"I want your attention and not out of insecurity but out of desire. I want to know that you like me just as much as I like you and that you only want to talk to me, that you only want to be with me.
I want your consistency more than anything because consistency means I like you enough to keep trying, I’m invested in you and I want you to trust me.
I want your meaningful words and your genuine actions over and over again. I don’t just want them when the time is right, or when we both can’t deny our spark, I want them when we are quiet, when we’re tired, when we’re not feeling great about ourselves, I want them when I need them the most not when I expect to receive them.
Consistency means I want to build a strong connection with you, I want to create a lasting bond, I want to be part of your daily routine and I want you to know I’m always here for you and you can count on me.

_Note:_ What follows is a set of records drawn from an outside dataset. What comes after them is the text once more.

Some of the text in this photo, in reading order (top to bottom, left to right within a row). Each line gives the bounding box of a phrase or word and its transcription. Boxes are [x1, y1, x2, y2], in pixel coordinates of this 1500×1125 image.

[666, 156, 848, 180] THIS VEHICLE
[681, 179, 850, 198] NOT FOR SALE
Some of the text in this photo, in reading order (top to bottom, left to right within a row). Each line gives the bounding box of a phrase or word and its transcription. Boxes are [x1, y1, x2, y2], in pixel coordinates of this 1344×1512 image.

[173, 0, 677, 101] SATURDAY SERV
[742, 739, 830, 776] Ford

I want you to be consistent more than I want to hear I love you. Because I love you are three words that can be blurted out on the spur of the moment or over shots of tequila, but consistency is sober actions and conscious thoughts.

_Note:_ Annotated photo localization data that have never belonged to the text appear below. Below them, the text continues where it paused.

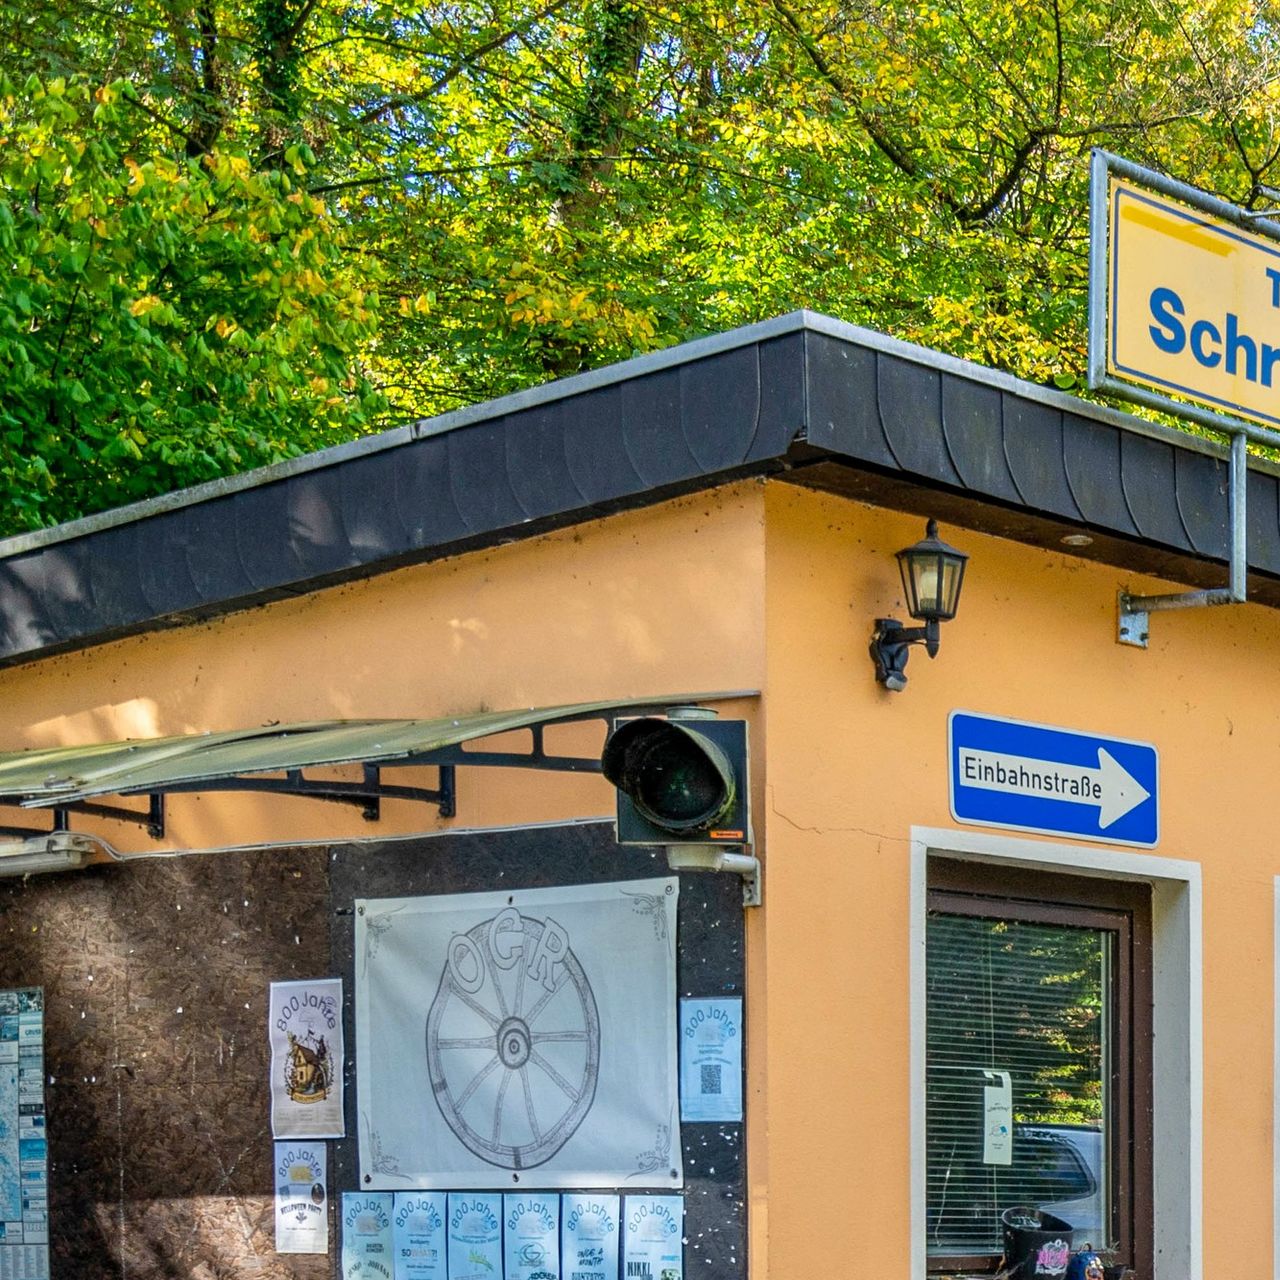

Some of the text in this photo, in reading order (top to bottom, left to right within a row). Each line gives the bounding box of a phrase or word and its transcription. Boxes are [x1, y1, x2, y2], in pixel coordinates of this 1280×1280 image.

[965, 756, 1102, 799] Einbahnstraße
[448, 907, 569, 994] OGR
[277, 991, 337, 1032] 800 Jahre
[685, 1006, 737, 1038] 800 Jahre
[279, 1148, 323, 1177] 800 Jahre
[345, 1198, 390, 1229] 800 Jahre
[395, 1198, 443, 1229] 800 Jahre
[451, 1199, 499, 1230] 800 Jahre
[507, 1200, 556, 1232] 800 Jahre
[567, 1200, 615, 1233] 800 Jahre
[629, 1201, 678, 1235] 800 Jahre

Consistency is I’m aware of everything I’m saying and everything I’m doing and it’s not going to change overnight. Consistency doesn’t wake up the next morning regretting everything that happened the night before. Consistency means I care about keepingyou in my life for the long haul.

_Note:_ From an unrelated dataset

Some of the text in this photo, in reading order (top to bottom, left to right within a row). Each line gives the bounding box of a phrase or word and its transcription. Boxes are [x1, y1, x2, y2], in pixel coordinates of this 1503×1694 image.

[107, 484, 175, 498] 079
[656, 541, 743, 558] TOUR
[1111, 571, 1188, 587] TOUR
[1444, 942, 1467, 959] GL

So if you ask me what I really want from you –all I really want is your consistency."
To me I feel so hard to fall asleep at night, not knowing what's gonna happen next. It's almost like I'm predicting when our next fight will be.. At any point that we are good I hope to stay in that time forever because who knows what will happen next..
It links exactly to my post yesterday. The part about me not being able to accept the happiness given because with that happiness, comes a terrible quarrel somewhere down the road. I don't want that.. I want hard work all the way throughout our relationship.. And it doesn't work just one way. Why must it always wait till after a big quarrel then I receive sweet nothings..? Why is it only when I say I'm insecure only then you start "attempting" to make me feel safe? Times when I need assurance the most are times when I don't get it. And until something horrible happens, only then I get it. It sucks.